Phrase grounding data
BEGIN

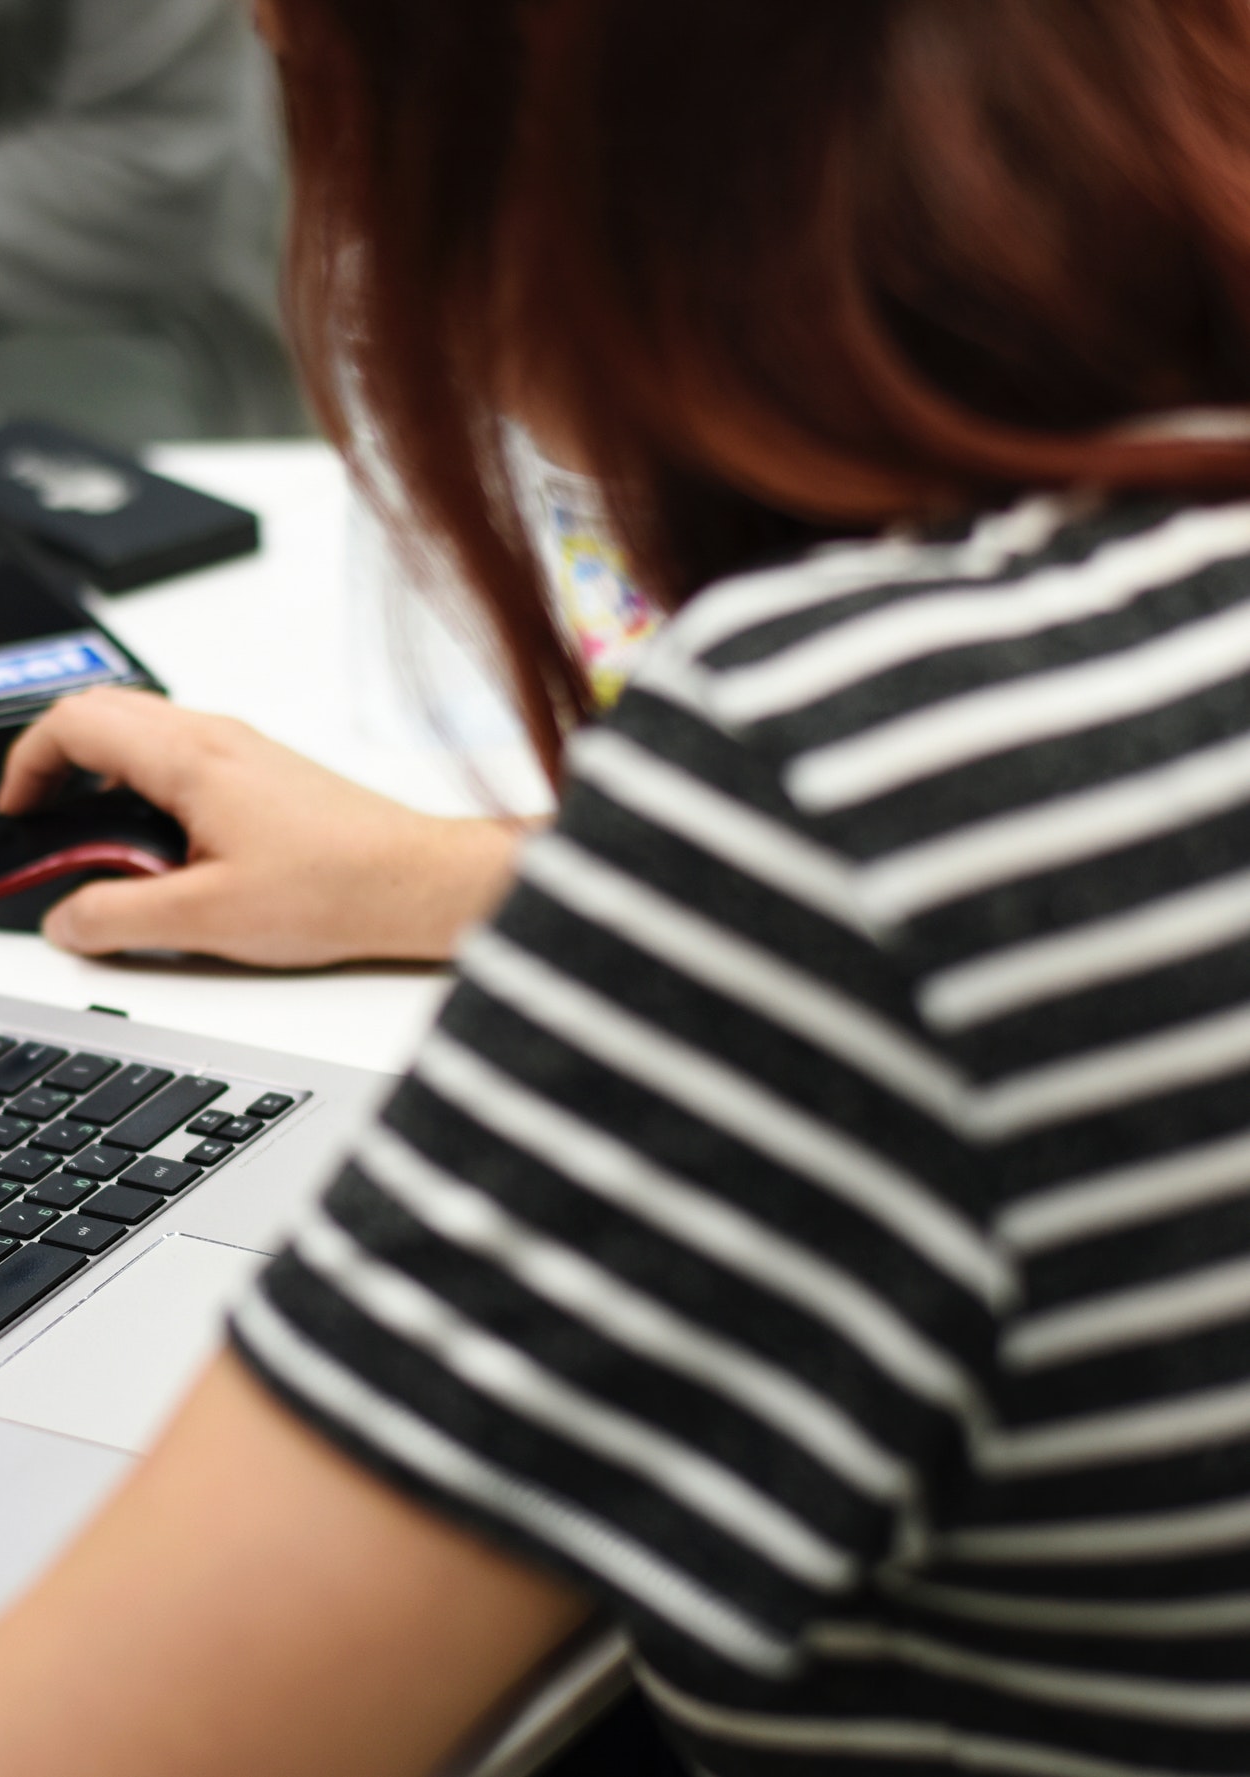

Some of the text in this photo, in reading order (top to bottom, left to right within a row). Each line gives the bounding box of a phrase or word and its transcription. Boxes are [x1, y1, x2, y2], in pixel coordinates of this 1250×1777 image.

[155, 1167, 168, 1177] ctrl
[2, 1183, 18, 1191] Д
[73, 1180, 90, 1188] Ю
[78, 1226, 90, 1236] alt

END

#### ASSIGNED TASK
Before printing anything, remove the pictures; then print all the records exactly.

#### WRITTEN RESPONSE
Some of the text in this photo, in reading order (top to bottom, left to right within a row). Each line gives the bounding box of a phrase or word and its transcription. Boxes are [x1, y1, x2, y2], in pixel coordinates of this 1250×1777 image.

[155, 1167, 168, 1177] ctrl
[2, 1183, 18, 1191] Д
[73, 1180, 90, 1188] Ю
[78, 1226, 90, 1236] alt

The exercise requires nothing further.